▽

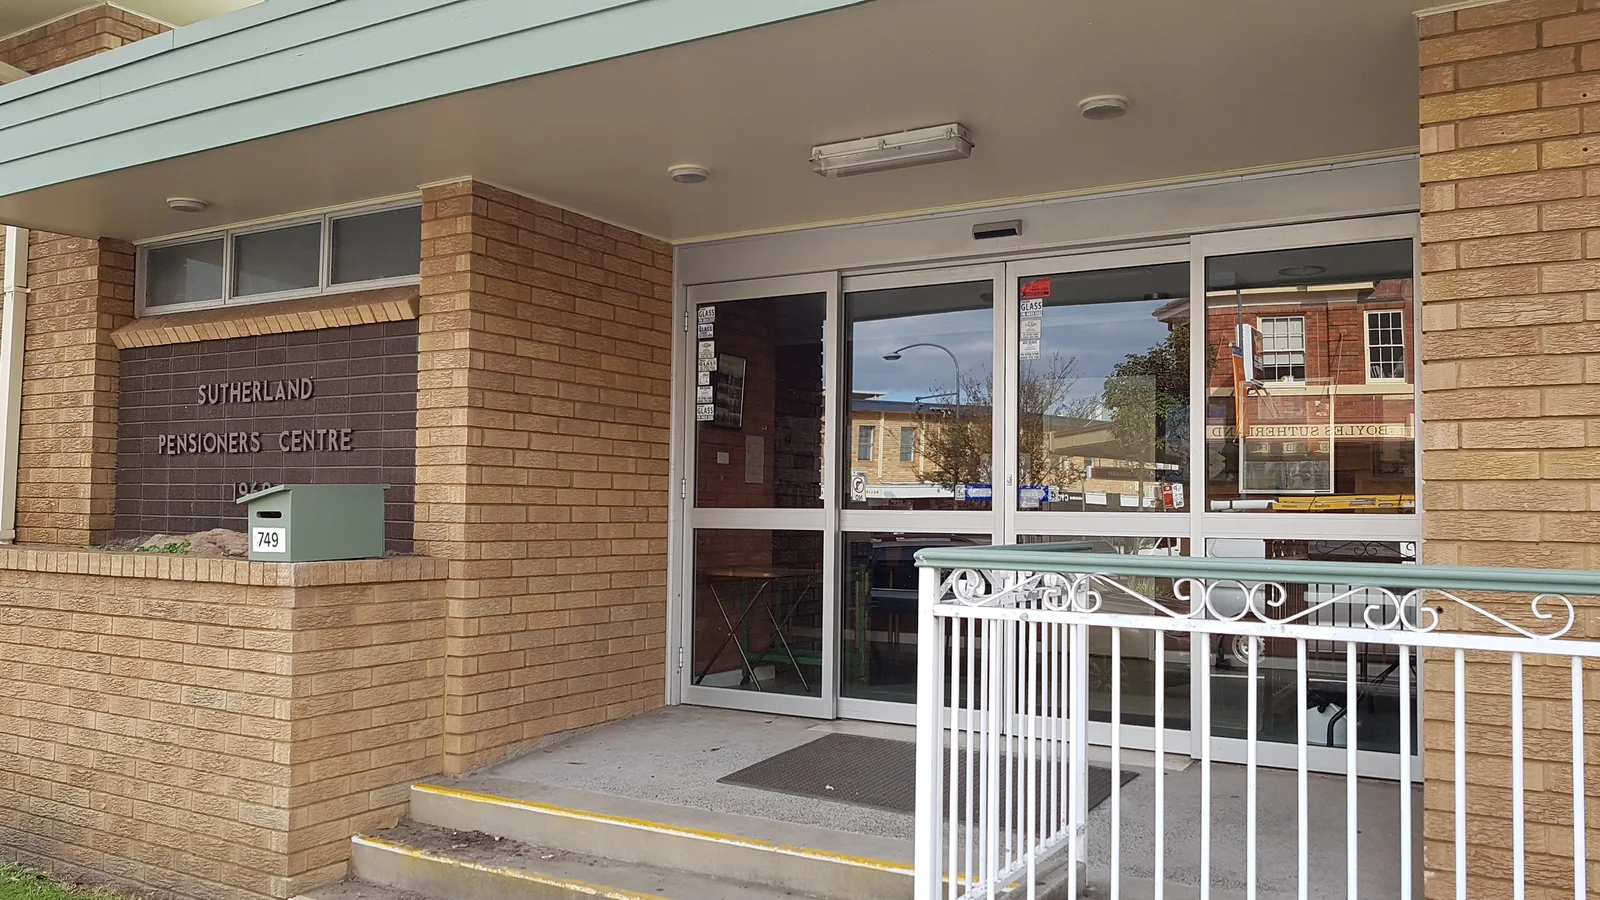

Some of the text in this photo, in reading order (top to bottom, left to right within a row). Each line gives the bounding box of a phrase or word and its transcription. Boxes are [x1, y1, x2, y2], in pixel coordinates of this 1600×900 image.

[1021, 302, 1042, 311] GLASS
[699, 309, 715, 318] GLASS
[197, 378, 314, 405] SUTHERLAND
[697, 407, 714, 415] GLASS
[158, 428, 352, 455] PENSIONERS CENTRE
[257, 531, 279, 548] 749
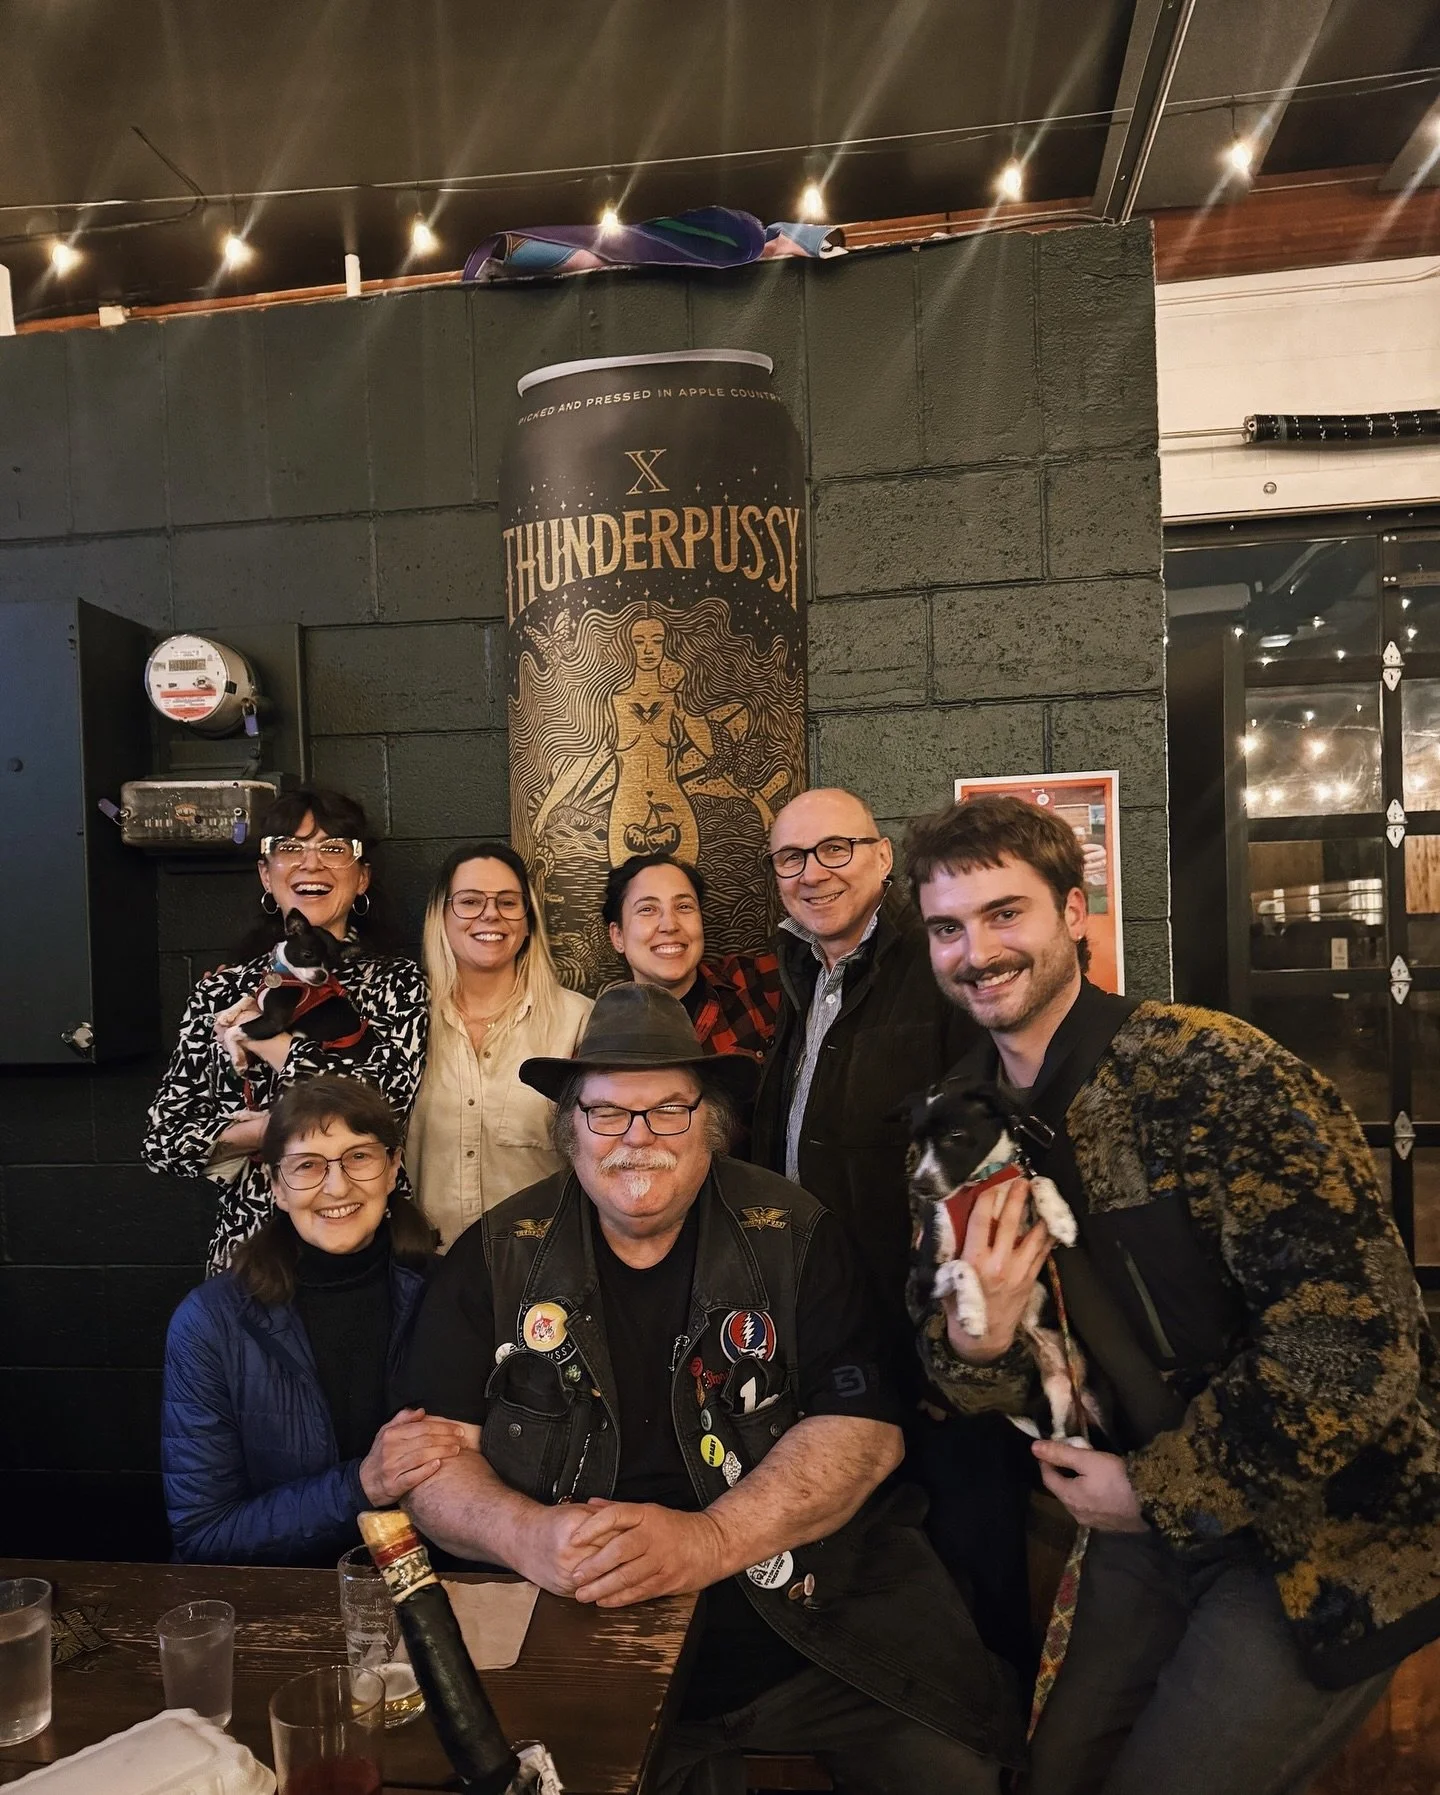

△

*Your instructions*.
Everything in the listing is to be returned word for word, except the pictures.

*Solution for this task*.
Some of the text in this photo, in reading order (top to bottom, left to right within a row). Each line gives the bounding box of a phrase or word and its transcription. Boxes are [x1, y1, x2, y2], in pixel coordinates of this 1600×900 image.

[1021, 302, 1042, 311] GLASS
[699, 309, 715, 318] GLASS
[197, 378, 314, 405] SUTHERLAND
[697, 407, 714, 415] GLASS
[158, 428, 352, 455] PENSIONERS CENTRE
[257, 531, 279, 548] 749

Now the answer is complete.